Without including any pictures, please copy every entry below exactly.

[[ Information provided open ]]

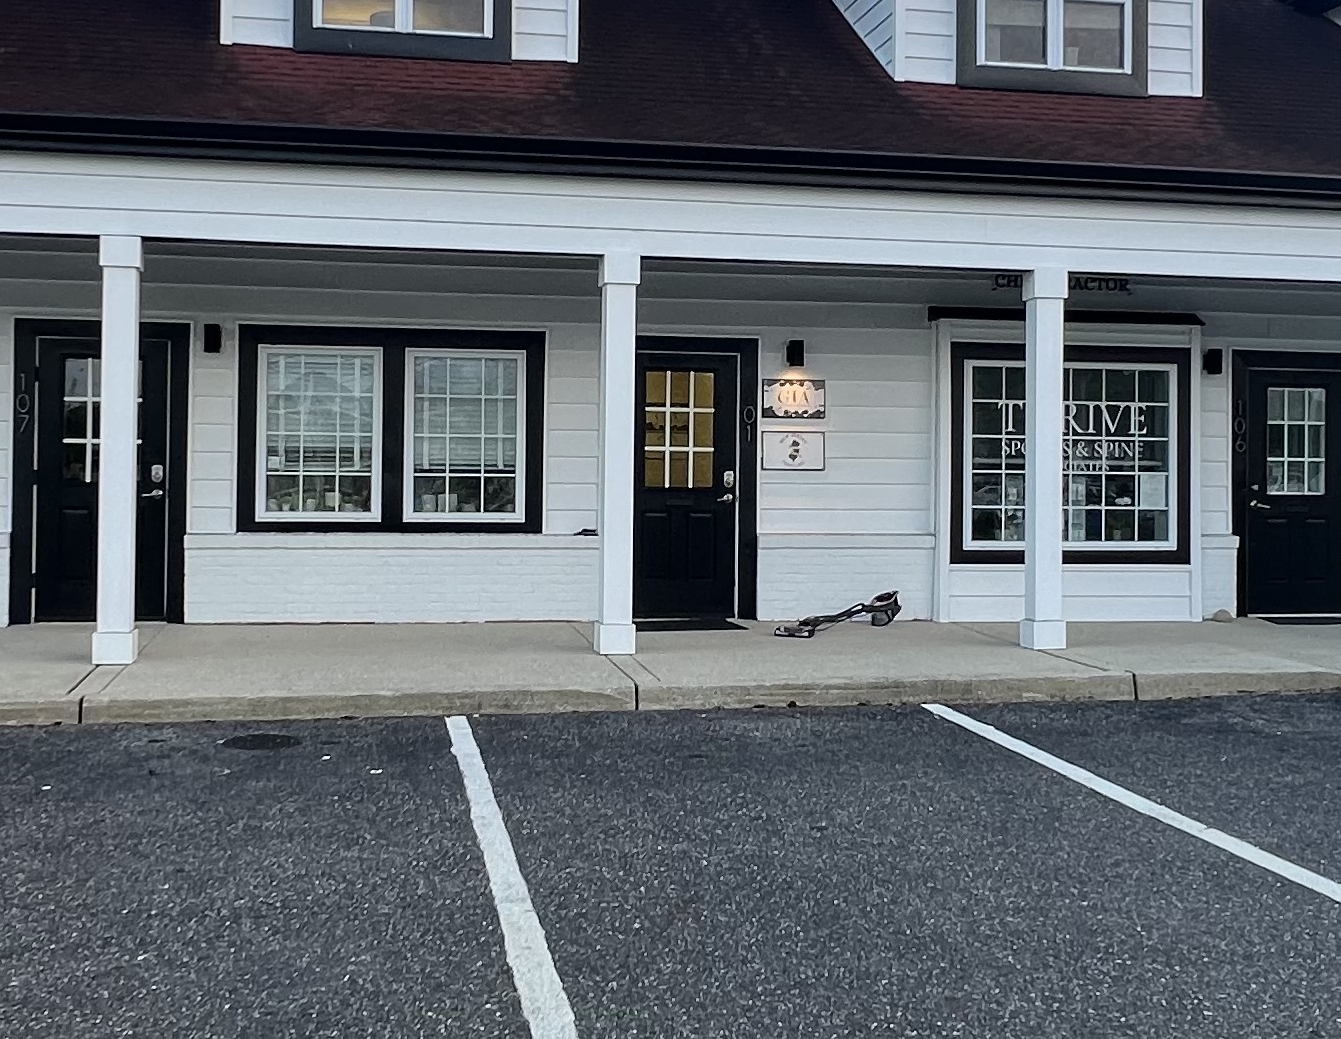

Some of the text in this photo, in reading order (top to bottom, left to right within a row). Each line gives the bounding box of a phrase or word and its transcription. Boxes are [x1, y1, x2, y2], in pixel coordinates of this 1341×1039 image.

[994, 274, 1131, 292] CHACTOR
[16, 373, 31, 433] 107
[998, 400, 1147, 435] TRIVE
[1234, 399, 1247, 453] 106
[1001, 440, 1071, 457] SPS
[1075, 441, 1089, 457] &

[[ Information provided closed ]]

Task output
Some of the text in this photo, in reading order (top to bottom, left to right within a row). Each line gives the bounding box of a phrase or word and its transcription. Boxes are [x1, y1, x2, y2], in pixel coordinates of this 1341×1039 image.

[994, 274, 1131, 292] CHACTOR
[16, 373, 31, 433] 107
[998, 400, 1147, 435] TRIVE
[1234, 399, 1247, 453] 106
[1001, 440, 1071, 457] SPS
[1075, 441, 1089, 457] &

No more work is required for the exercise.